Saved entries
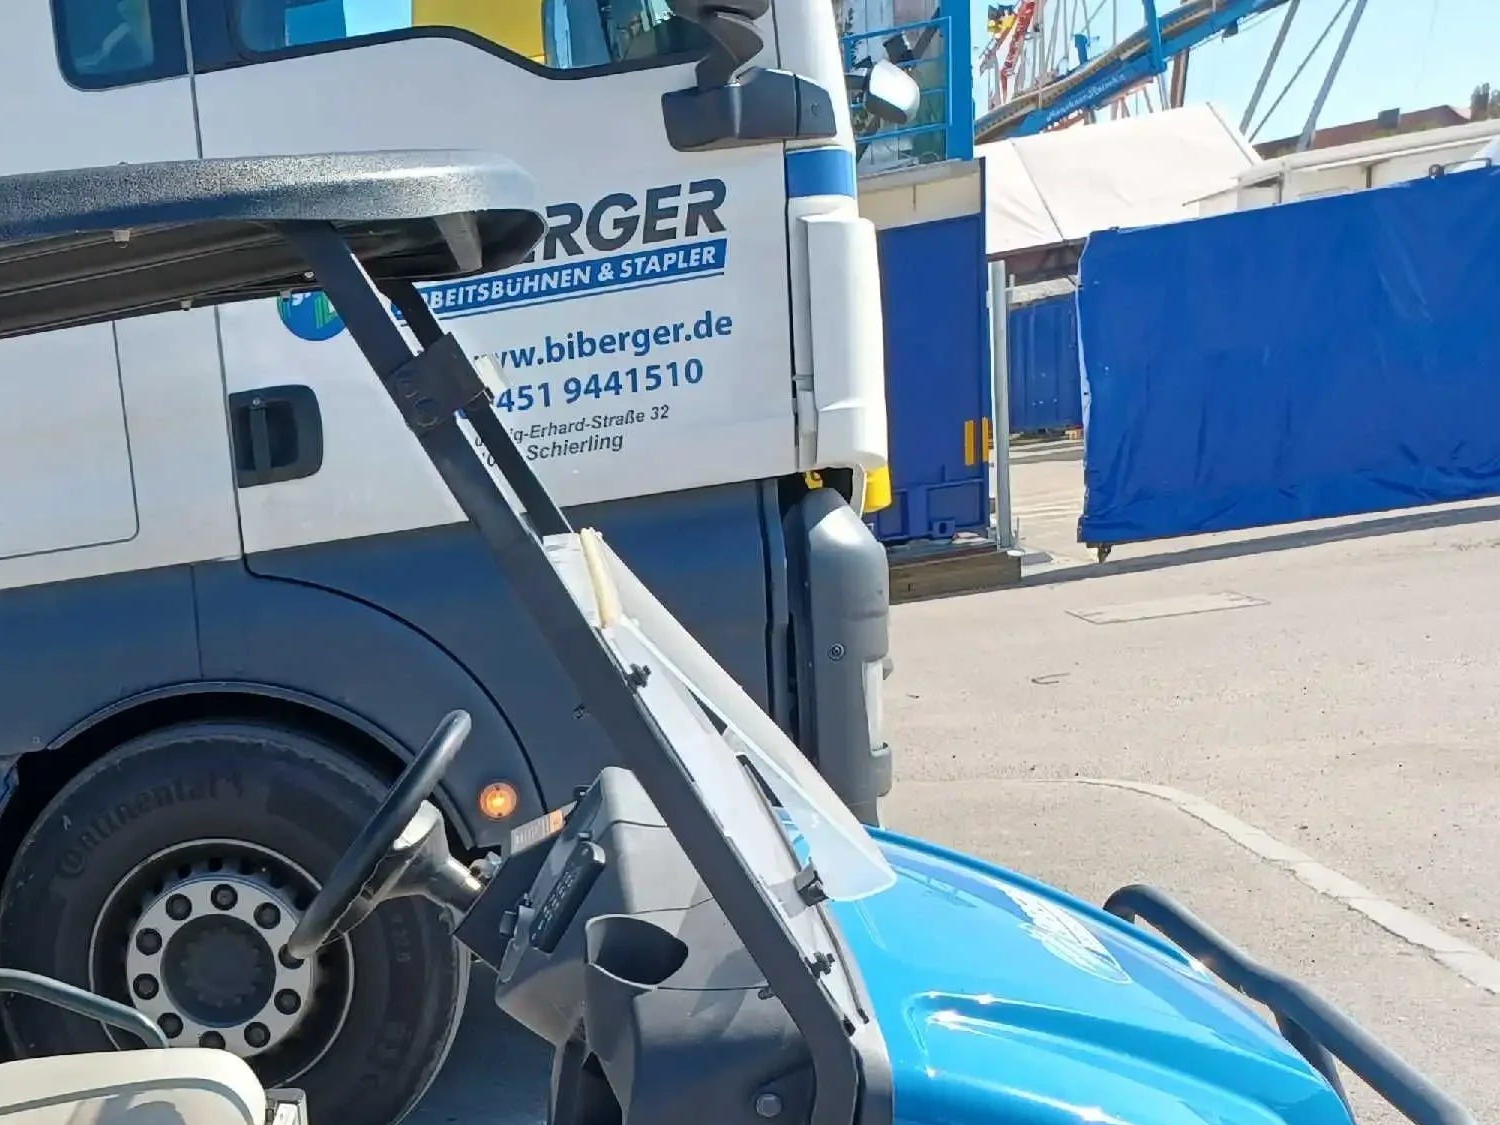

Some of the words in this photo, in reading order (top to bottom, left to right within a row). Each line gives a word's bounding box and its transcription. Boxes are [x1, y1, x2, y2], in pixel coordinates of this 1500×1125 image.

[524, 178, 728, 262] RGER
[597, 261, 614, 282] &
[619, 246, 716, 279] STAPLER
[563, 358, 704, 404] 9441510
[650, 404, 669, 420] 32
[526, 432, 623, 461] Schierling
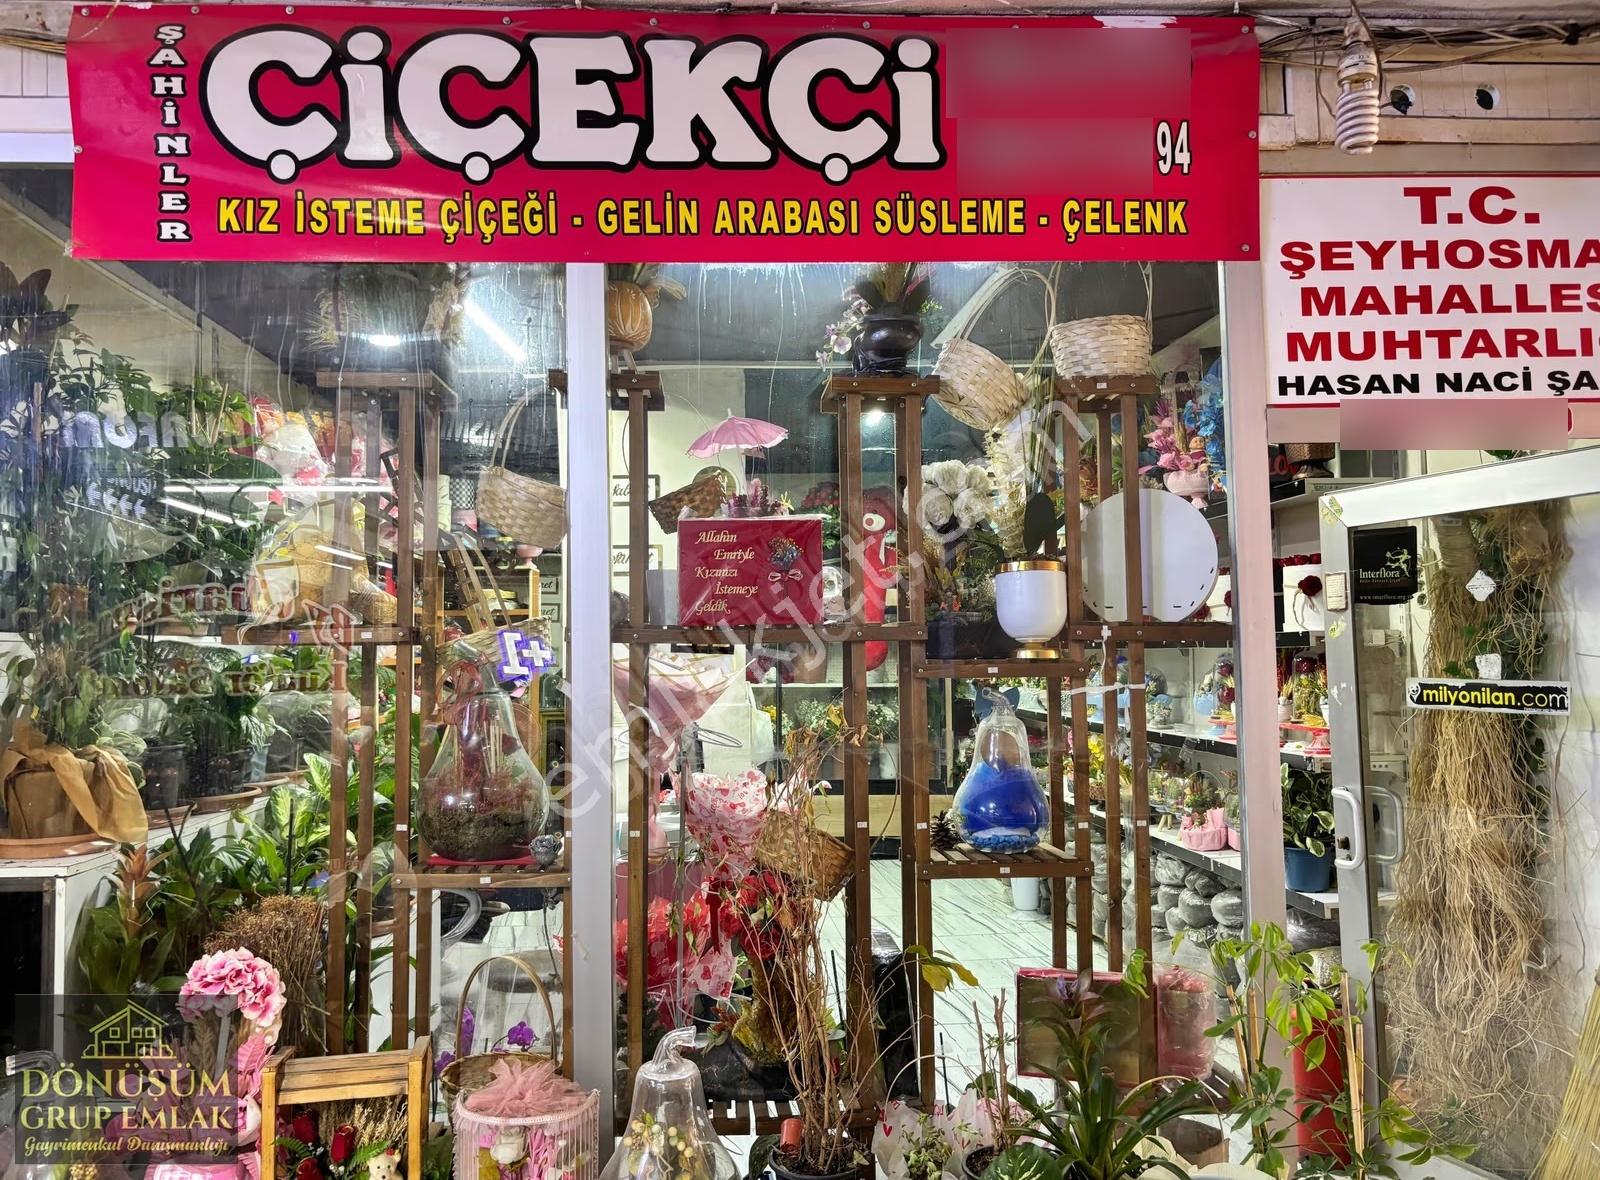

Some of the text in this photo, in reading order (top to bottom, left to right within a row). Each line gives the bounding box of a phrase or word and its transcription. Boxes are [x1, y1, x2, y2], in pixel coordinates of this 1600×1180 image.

HOW TO COMPLETE THIS TASK
Every record must be set down again exactly; pictures do not belong in the copy.

TASK RESULT
Some of the words in this photo, in reading order (top to bottom, left to right within a row). Each line gives a word's bounding box and its transcription. Boxes are [x1, y1, x2, y2], in pixel coordinates of this 1500×1125 image.

[524, 178, 728, 262] RGER
[597, 261, 614, 282] &
[619, 246, 716, 279] STAPLER
[563, 358, 704, 404] 9441510
[650, 404, 669, 420] 32
[526, 432, 623, 461] Schierling

Some of the text in this photo, in reading order (top to bottom, left to right within a row). Each line gives the bounding box of a phrase or word and its transcription. Boxes are [x1, y1, x2, y2], in pixel coordinates of this 1600×1180 image.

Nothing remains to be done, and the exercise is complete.